# HID Return Wire - Remove Insulation?



## twentysixtwo (Jan 2, 2005)

On the return wire of an automotive HID bulb, there's a thick insulation that makes the return wire block off 3-4 times as much light.

What would happen if I were to remove this with an exacto knife (or at least shorten it to aft of the discharge envelope)

The goal is to minimize the shadow of the return wire in the beam.....


----------



## Sway (Jan 2, 2005)

I don't think thats a good idea the insulator is there for a reason to stop high voltage arcing. A missing or broken insulator equals a blown bulb sooner or later.

Later
Kelly


----------



## Draco_Americanus (Jan 3, 2005)

I too have thought about removing that ceramic insulator on the return wire but I side with Sway. That 25kv starting pulse can have good habit of finding other ways to ground so I would not make it any easier for that to happen.


----------



## MaxaBaker (Jan 3, 2005)

This comes to mind, well, not that big /ubbthreads/images/graemlins/grin.gif -- http://www.hnd.usace.army.mil/pao/CEAInfo/Explosion%20Photo.JPG
Trust me, it's not a good idea /ubbthreads/images/graemlins/mad71.gif /ubbthreads/images/graemlins/tongue.gif


----------



## twentysixtwo (Jan 4, 2005)

Well......I guess I'm not that worried about it. I'm thinking it's designed as insurance that it won't short against a glare shield, etc. More importantly, I had access to a couple of HID bulbs so I tested it out. 

I took a damaged D1R and stripped all the insulation from the return wire by carefully crushing it with a pair of needle nose pliers. Plugged it in and it did a quick "Click-click-click-click" but did not start. Damn, I just realized I should have checked to see if the bulb worked to begin with. The base is cracked all the way around, so I don't know if it's that or the stripped insulation which is the culprit.

OK. I take a used D2R and check to see that it does work. I then remove the top centimeter plug it in....KABOOOOM!!!!

Seriously though, the bulb lit, no problems whatsoever. I then crushed the next centimeter and it still worked fine. I finally crushed it all the way down to the base. I didn't want to leave the wire exposed with the base metal mount adjacent so I left the last centimeter that is in the base. Still worked fine. 

Some crude calculations:

The wire is about 8.5 mm from the center of the bulb. The return wire is les than 0.5 mm thick. The Ceramic insulation is at least 2 mm thick. If we model the lamp as a point source radiating with a infinitely long return wire, the insulation blocks 2/(2*3.14159*8)% of the light while the bare wire blocks 0.5/(2*3.14159*8)%.

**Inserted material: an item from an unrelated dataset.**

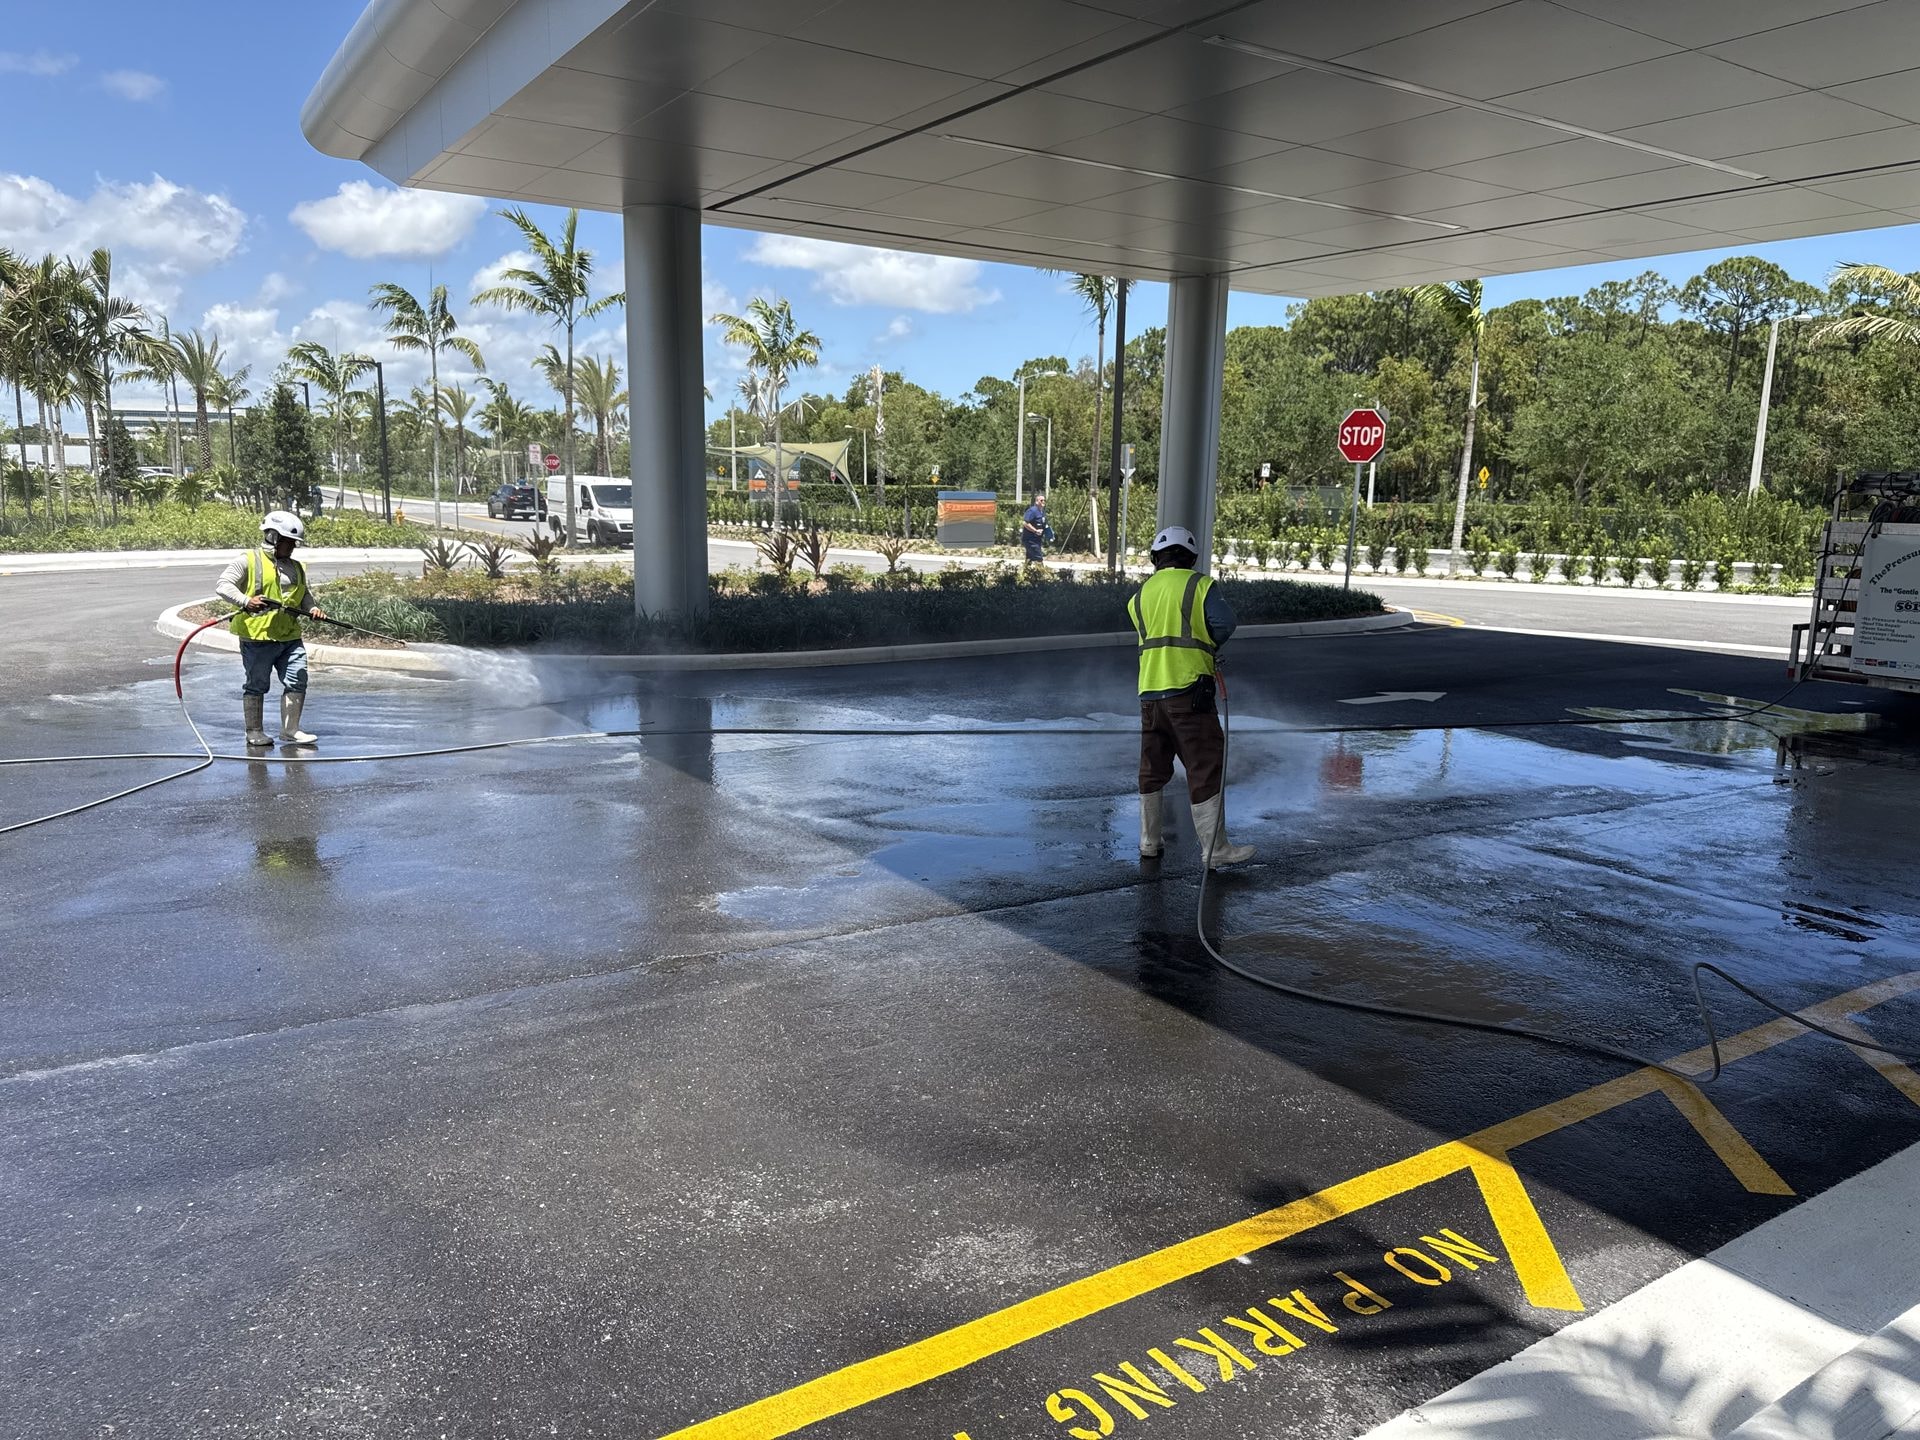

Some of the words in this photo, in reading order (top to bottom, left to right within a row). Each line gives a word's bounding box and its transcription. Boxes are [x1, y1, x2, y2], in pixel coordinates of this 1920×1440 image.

Doing the math, the insulation blocks 4% while the wire blocks 1% so removing the insulation will give you a hair over 3% more light. In addition, that shadow is just plain ugly.

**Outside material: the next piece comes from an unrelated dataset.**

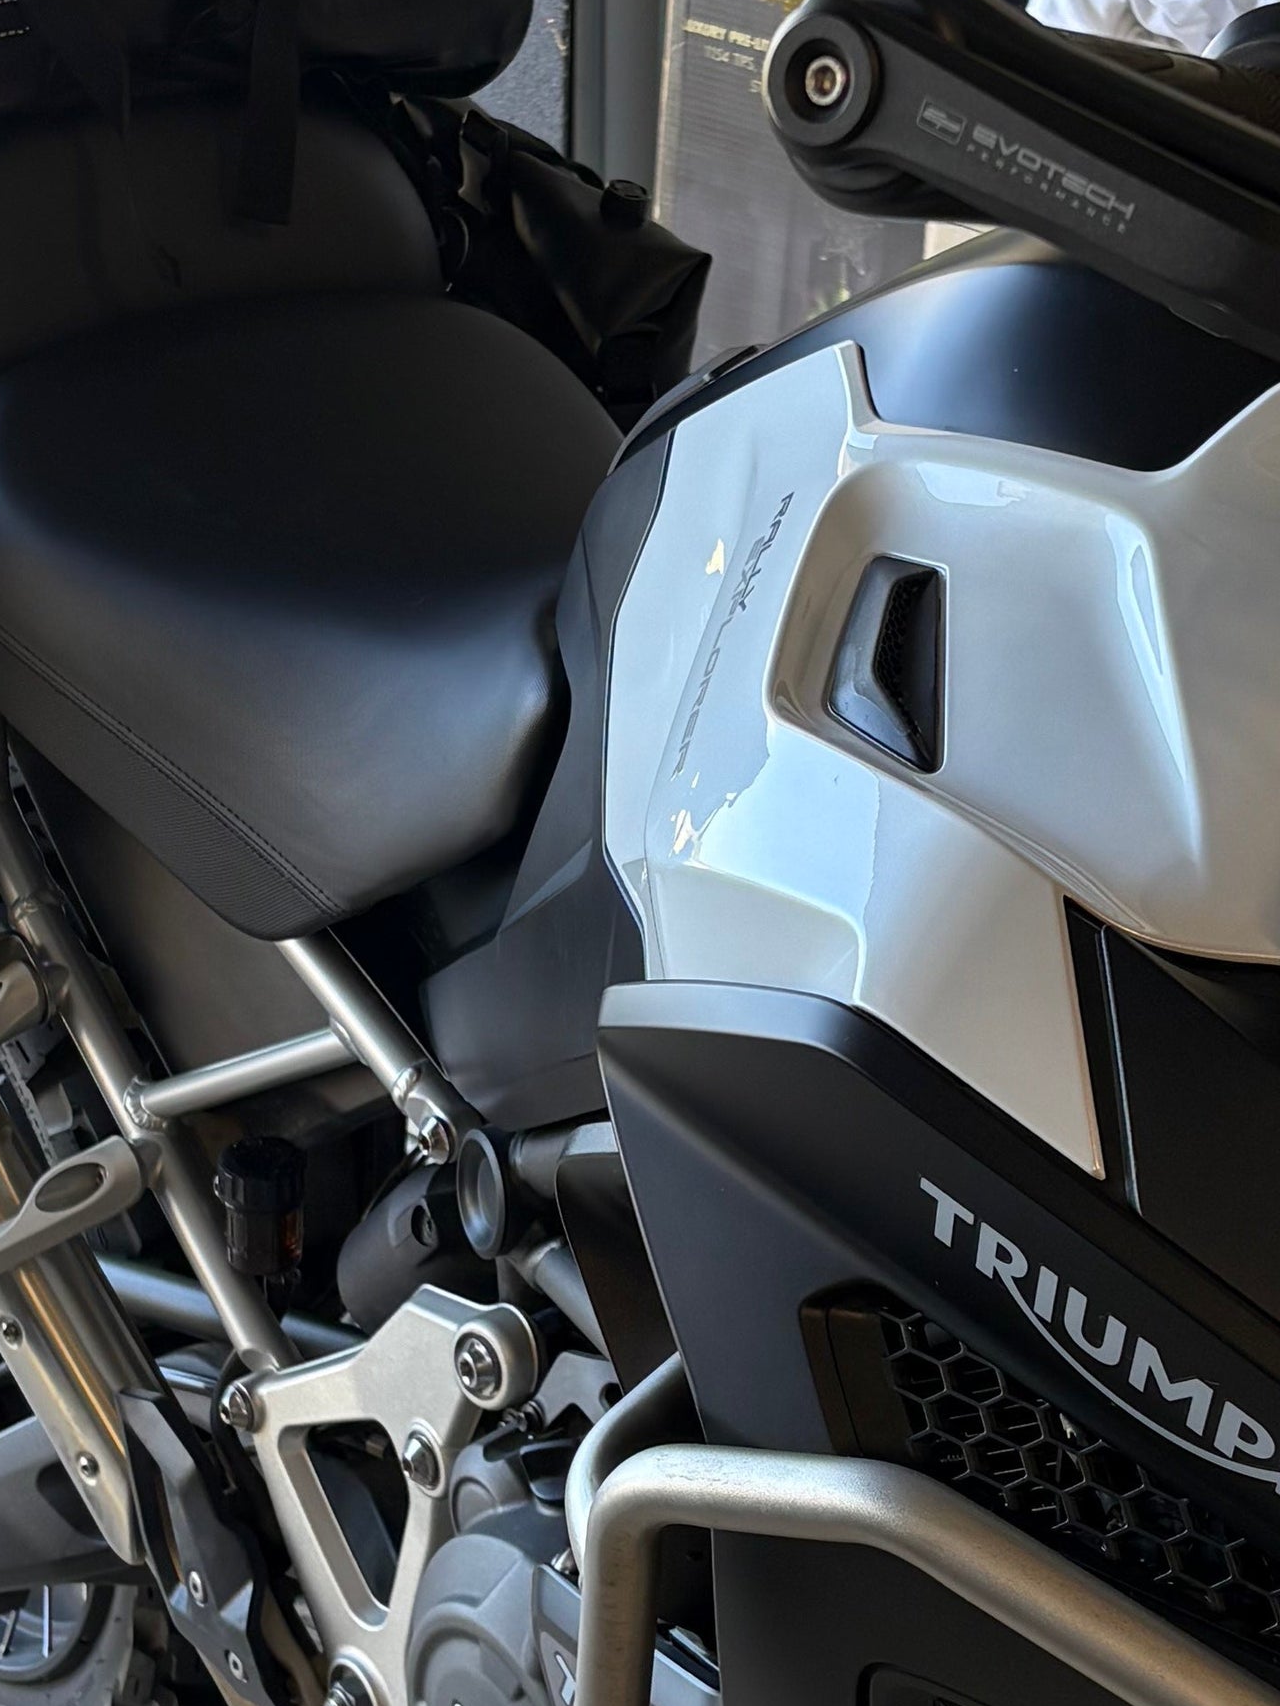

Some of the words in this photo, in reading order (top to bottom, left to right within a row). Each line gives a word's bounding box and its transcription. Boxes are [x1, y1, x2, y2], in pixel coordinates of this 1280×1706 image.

[965, 142, 1128, 236] PERFORMANCE
[971, 122, 1137, 222] EVOTECH
[738, 491, 795, 612] RALLY
[670, 534, 766, 782] EXPLORER

What's next? I'm going to try a D1 style bulb. I will have to find something that is nonconductive and highly heat resistant to keep the last bit of insulation in the base (Plumbers Putty?) I don't want the thing to slide to the tip of the wire and have a vibration or problem cause a short.....


----------



## MaxaBaker (Jan 4, 2005)

Well.....I woudn't keep it without insulation for long. My step brother tried this with his HID car headlites and that managed to completely destroy the reflector behind the bulb and cracked the lens in front of it on one of them. I do not know if arking electricity was the exact cause of the explosion or a different problem, but all I know now is that I have to buy him another D2S bulb because I was the one who told him to try it. /ubbthreads/images/graemlins/mecry.gif


----------



## twentysixtwo (Jan 4, 2005)

What kind of car was it and was the HID factory spec? When you say it cracked the lens, was it micro cracking (small cracks) or big cracks? When you say destroy the reflector, do you mean melted? Very interested in the details. I'm planning to throw this in my THOR.....Thanks,


----------



## MaxaBaker (Jan 4, 2005)

1970 Monte Carlo

I have no idea bout the factory specs, he bought them and installed; I suggested that he try to remove it, that's all

It was 2 large parallel cracks

The reflector was, how do I put this, "shattered" part of it; no melting that I noticed, it is odd

I am not say you can't do this; he did it to his other light and it seems fine so far. Again, he is no expert at this and there are any number of other factors that could have done it. It seemed to have been a 1 time thing(hopefully /ubbthreads/images/graemlins/icon15.gif) and it may work fine for you, just BE CARFULL!! To give more detail, the "explosion" was kind of like a high powered flashbulb explosion.

Hope that helps /ubbthreads/images/graemlins/cool.gif

C ya,
Baker


----------



## twentysixtwo (Jan 4, 2005)

Thanks for the info. Interesting. A 1970 car would be prior to the removable bulbs, so I assume the HID is in some sort of sealed beam replacement? Was the HID bulb was shattered as well? 

The Thor metal reflector is probably safe if something goes wrong, but I don't know how strong that front lens is....


----------



## MaxaBaker (Jan 5, 2005)

I don't know if it was a sealed beam HID light (never heard of that actually /ubbthreads/images/graemlins/thinking.gif) but he has done so much stuff to that car he could have done anything. If he really wanted to I suppose he could have ripped the existing light out ( entire thing; bulb, reflector, lens) and thrown in some other light system that was from a jag or something. I'll try to find out for you.


----------



## Draco_Americanus (Jan 6, 2005)

One well know failer mode for HID bulds is for them to explode! and some times with some force, tis why it's not wise to stare at a naked bulb. (some say it's unwise to stare at any thing thats naked unless your married to it. ) /ubbthreads/images/graemlins/jpshakehead.gif


----------